Required work
Omit the pictures, and output the rest of the entries exactly as written.

[Images for object localization]
==============================

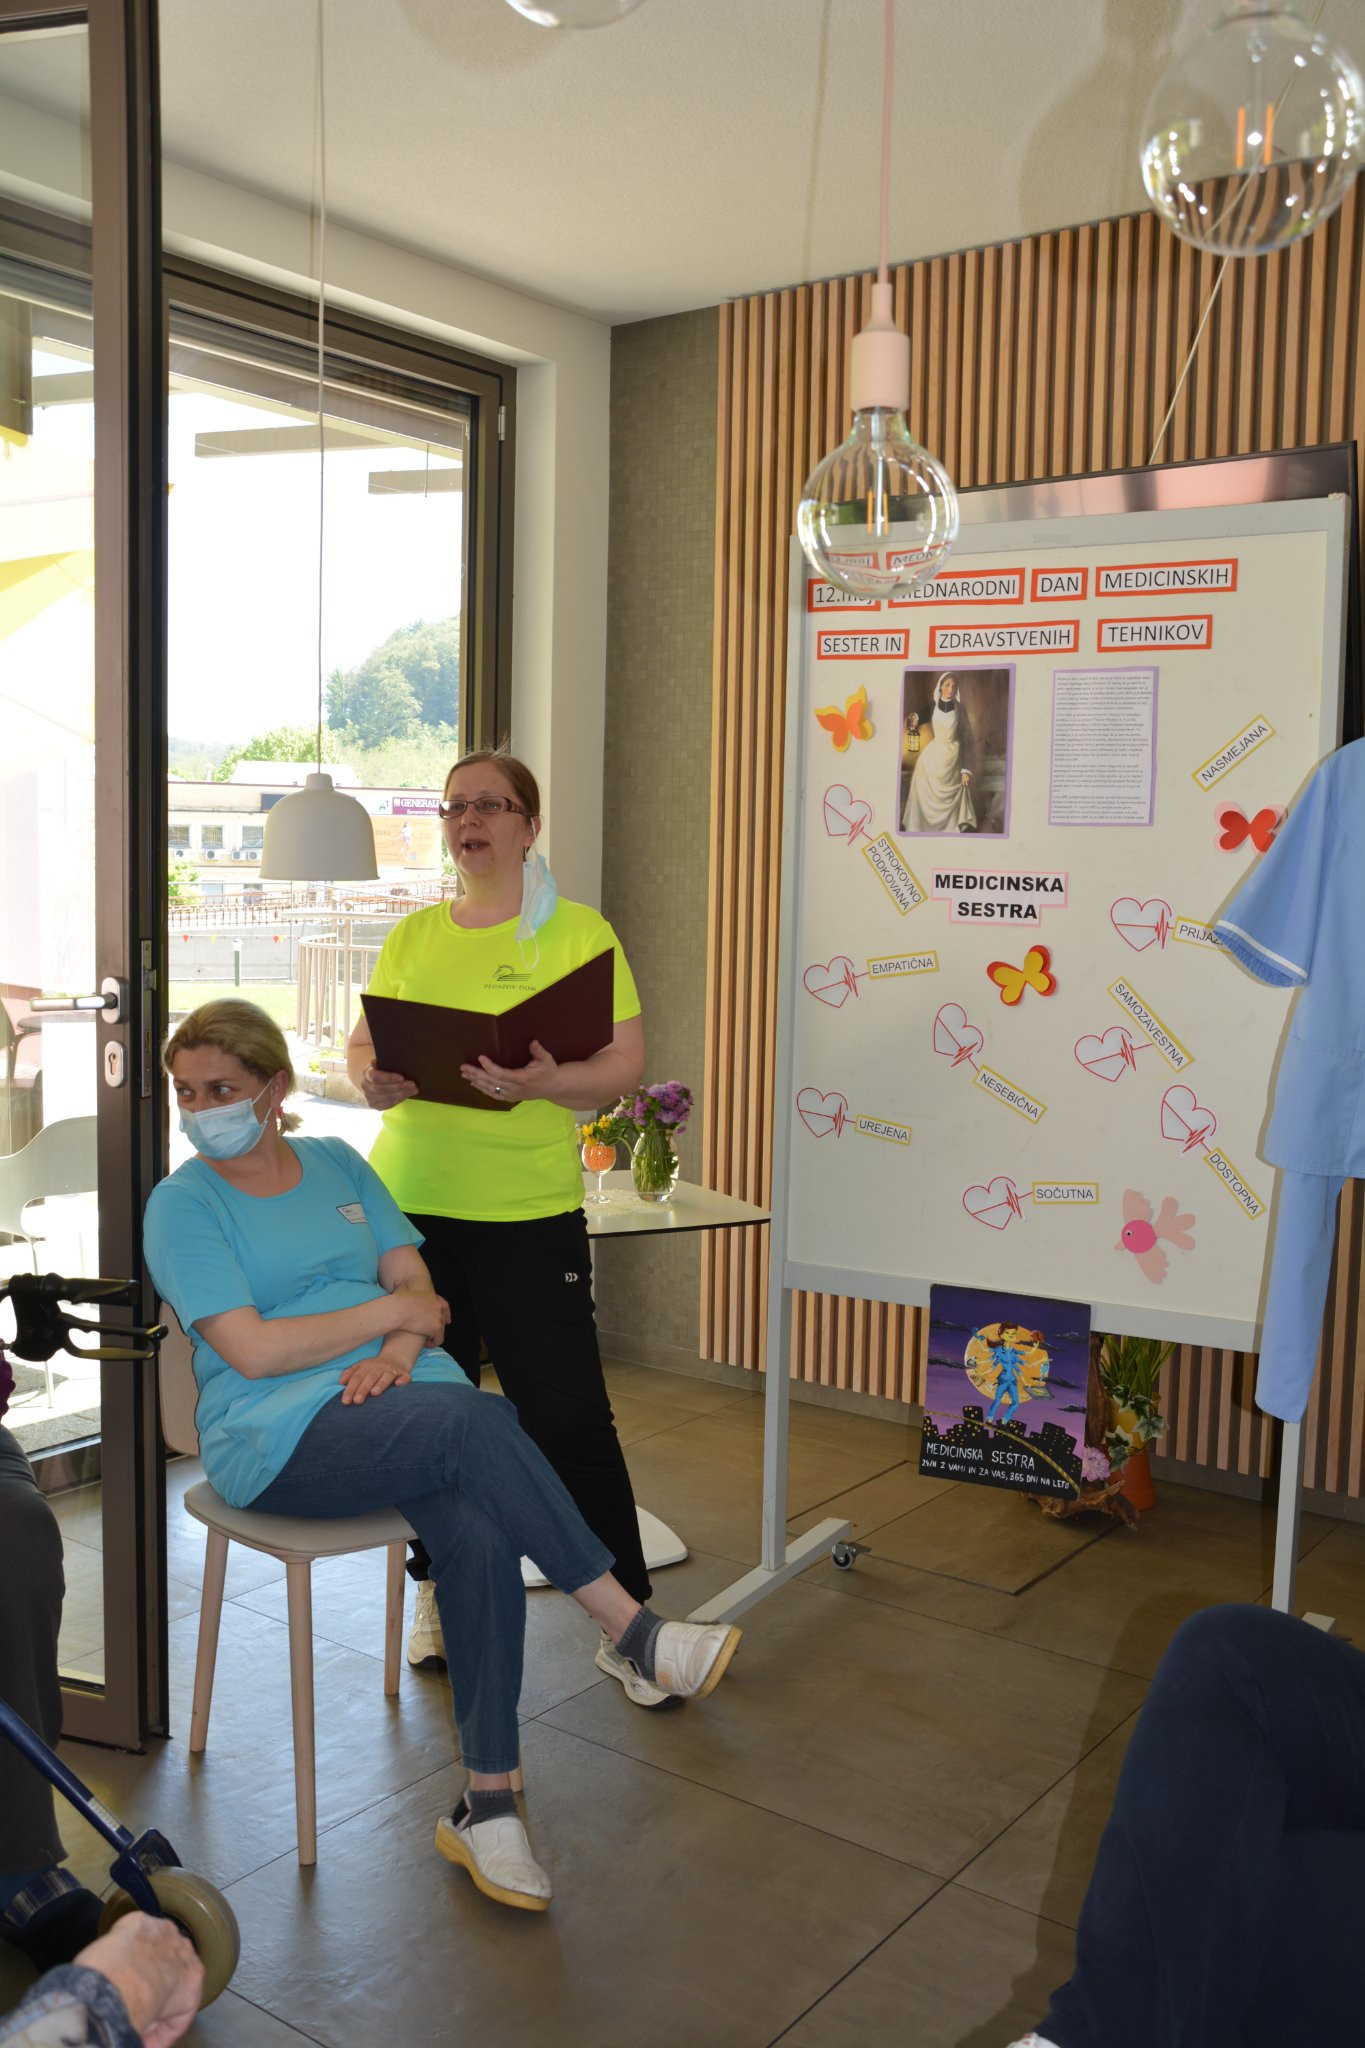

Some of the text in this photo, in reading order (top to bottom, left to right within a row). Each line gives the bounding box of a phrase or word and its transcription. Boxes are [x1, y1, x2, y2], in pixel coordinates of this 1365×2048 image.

[896, 578, 1017, 600] EDNARODNI
[1040, 576, 1079, 593] DAN
[1104, 568, 1229, 589] MEDICINSKIH
[823, 624, 1204, 653] SESTER IN ZDRAVSTVENIH TEHNIKOV
[1201, 725, 1268, 782] NASMEJANA
[867, 846, 910, 911] PODKOVANA
[877, 838, 922, 903] STROKOVNO
[935, 874, 1065, 893] MEDICINSKA
[957, 902, 1038, 919] SESTRA
[872, 957, 934, 974] EMPATIČNA
[1115, 983, 1184, 1066] SAMOZAVESTNA
[980, 1073, 1039, 1118] NESEBIČNA
[859, 1120, 908, 1142] UREJENA
[1036, 1187, 1094, 1199] SOČUTNA
[1209, 1153, 1259, 1215] DOSTOPNA
[926, 1442, 1035, 1471] MEDICINSKA SESTRA
[979, 1467, 989, 1476] ZA
[1009, 1472, 1024, 1482] 365
[1040, 1477, 1050, 1485] NA

==============================

Task response
Some of the text in this photo, in reading order (top to bottom, left to right within a row). Each line gives the bounding box of a phrase or word and its transcription. Boxes are [x1, y1, x2, y2], in pixel coordinates of this 1365×2048 image.

[896, 578, 1017, 600] EDNARODNI
[1040, 576, 1079, 593] DAN
[1104, 568, 1229, 589] MEDICINSKIH
[823, 624, 1204, 653] SESTER IN ZDRAVSTVENIH TEHNIKOV
[1201, 725, 1268, 782] NASMEJANA
[867, 846, 910, 911] PODKOVANA
[877, 838, 922, 903] STROKOVNO
[935, 874, 1065, 893] MEDICINSKA
[957, 902, 1038, 919] SESTRA
[872, 957, 934, 974] EMPATIČNA
[1115, 983, 1184, 1066] SAMOZAVESTNA
[980, 1073, 1039, 1118] NESEBIČNA
[859, 1120, 908, 1142] UREJENA
[1036, 1187, 1094, 1199] SOČUTNA
[1209, 1153, 1259, 1215] DOSTOPNA
[926, 1442, 1035, 1471] MEDICINSKA SESTRA
[979, 1467, 989, 1476] ZA
[1009, 1472, 1024, 1482] 365
[1040, 1477, 1050, 1485] NA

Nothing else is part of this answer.